Jacques Rozier ha muerto, viernes 2 de junio, a la edad de 96 años, confirmado en Mundo su colaborador el sábado. Este gran soñador ante el Eterno habrá ofrecido finalmente al cine sólo cinco largometrajes (Adiós filipina, Por el lado de Orouet, Los náufragos de la isla tortuga, Océano de Maine, Fifi martingala) y un puñado de cortometrajes, tantas películas libres como el viento, desordenadas y cacofónicas como la vida, tantas invitaciones a soltar amarras, a celebrar, con un espíritu salvaje de aventura, los poderes utópicos de la ficción.

Nos hubiera gustado abandonarnos una y otra vez al magnetismo de sus escapadas oceánicas, liberados del dictado del tiempo y de la gris rutina urbana, forma que acabaron adoptando cada una de sus películas. Nos hubiera gustado navegar, al menos una vez más, junto a sus poéticos personajes, a los que un poco de locura y un desgarro de su entorno original habrían descarrilado en una inigualable oleada de fantasía. Aquel que no aspiraba a nada más que a hacer un gran cine popular, pero cuyas películas nunca se han presentado más que en los círculos cinéfilos, no podría haber pedido algo mejor. Pero esta rareza, lo sabía, habría sido el precio de su insolente libertad.

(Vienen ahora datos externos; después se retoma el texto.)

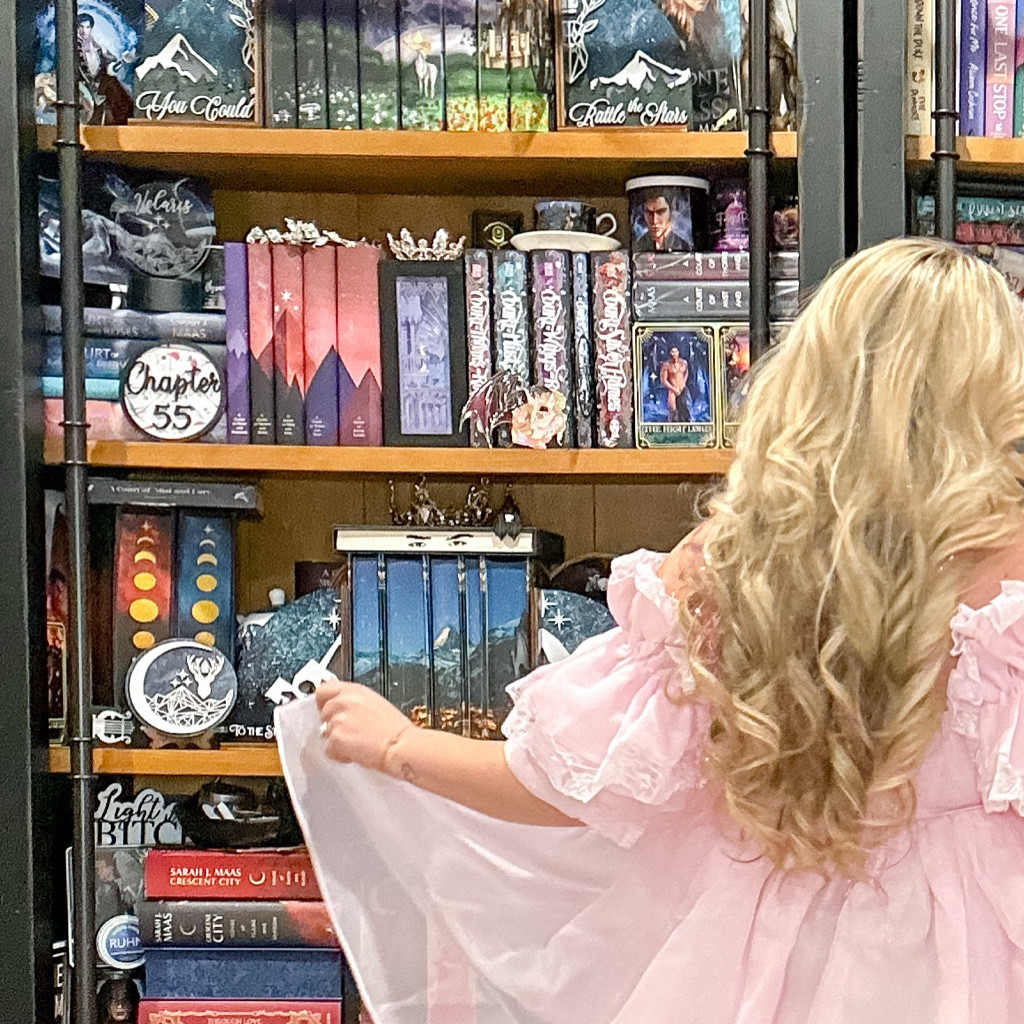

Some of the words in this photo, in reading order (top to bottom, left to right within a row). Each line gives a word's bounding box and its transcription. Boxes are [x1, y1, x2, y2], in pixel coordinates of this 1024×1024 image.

Como Jean Vigo, el gran mago del naturalismo, del que era descendiente legítimo, Jacques Rozier habrá sido un cometa en el cielo del cine, un cometa de combustión lenta, cuya poética luminosa, mezcla de fantasía onírica y materialismo forzado, no falta para operar en aquellos que se abandonan a una ligera alteración de la percepción.

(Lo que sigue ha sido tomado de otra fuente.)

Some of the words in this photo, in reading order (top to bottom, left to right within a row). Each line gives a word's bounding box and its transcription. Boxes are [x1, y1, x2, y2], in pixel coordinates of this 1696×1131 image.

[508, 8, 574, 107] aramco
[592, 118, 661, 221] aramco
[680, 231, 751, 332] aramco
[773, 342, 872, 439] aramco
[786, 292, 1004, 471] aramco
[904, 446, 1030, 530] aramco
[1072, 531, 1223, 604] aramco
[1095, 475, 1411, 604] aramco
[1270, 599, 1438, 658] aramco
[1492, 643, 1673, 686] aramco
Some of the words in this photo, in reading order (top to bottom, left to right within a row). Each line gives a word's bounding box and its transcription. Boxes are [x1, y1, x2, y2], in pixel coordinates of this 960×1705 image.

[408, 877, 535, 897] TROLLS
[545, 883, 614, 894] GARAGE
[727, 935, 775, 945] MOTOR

cometa en el cielo del cine

Esta alquimia encuentra sus raíces en una inspiración abierta a todos los vientos, bebiendo tanto de la poesía y la literatura como de la canción popular, el teatro de calle, la prosaica realidad de la vida de oficina y las vacaciones organizadas. Lo heterogéneo, la fricción, el hiato fueron la savia, que obtuvo al confrontar a jóvenes actores desconocidos con estrellas populares a las que sacó de su zona de confort (Pierre Richard, Jacques Villeret, Luis Rego, Jean Lefebvre, Bernard Menez…), por telescópicas secuencias documentales tomadas en el acto con momentos de pura comedia, mezclando todo tipo de lenguajes, acentos, sonidos en una cacofonía zumbante…

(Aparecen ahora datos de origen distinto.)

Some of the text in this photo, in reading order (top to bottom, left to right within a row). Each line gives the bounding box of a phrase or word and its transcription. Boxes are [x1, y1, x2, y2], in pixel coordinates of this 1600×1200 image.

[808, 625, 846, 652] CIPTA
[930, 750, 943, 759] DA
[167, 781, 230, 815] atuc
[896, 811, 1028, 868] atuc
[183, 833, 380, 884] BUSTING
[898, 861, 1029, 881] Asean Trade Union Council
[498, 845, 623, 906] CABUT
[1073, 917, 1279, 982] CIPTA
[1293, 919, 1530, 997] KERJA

El nació de la partida, la huida, el abandono de la ciudad por el azul infinito del mar, el territorio utópico de las islas donde fracasaron todas sus películas. En estos lugares encantadores, aislados del mundo, Rozier instaló su pequeño teatro, un desenfreno de intensidad desordenada destinado a diluirse, en fin, en el desbordamiento, el fracaso o la incompletud, que remanufactura en más bellos, y además loco, el cóctel de alegría y amargura que hace el sabor de la vida. Sus películas celebraban el espíritu de su tiempo, de la sociedad de consumo triunfante, del entusiasmo y el deseo que atraía furiosamente, sin ocultar nada de su superficialidad ni de su falsedad. Poblados de personajes inasignables, llenos de contradicciones, se ofrecen al espectador como otras tantas invitaciones para apropiarse de ellos, sin imponer nunca una lectura unívoca.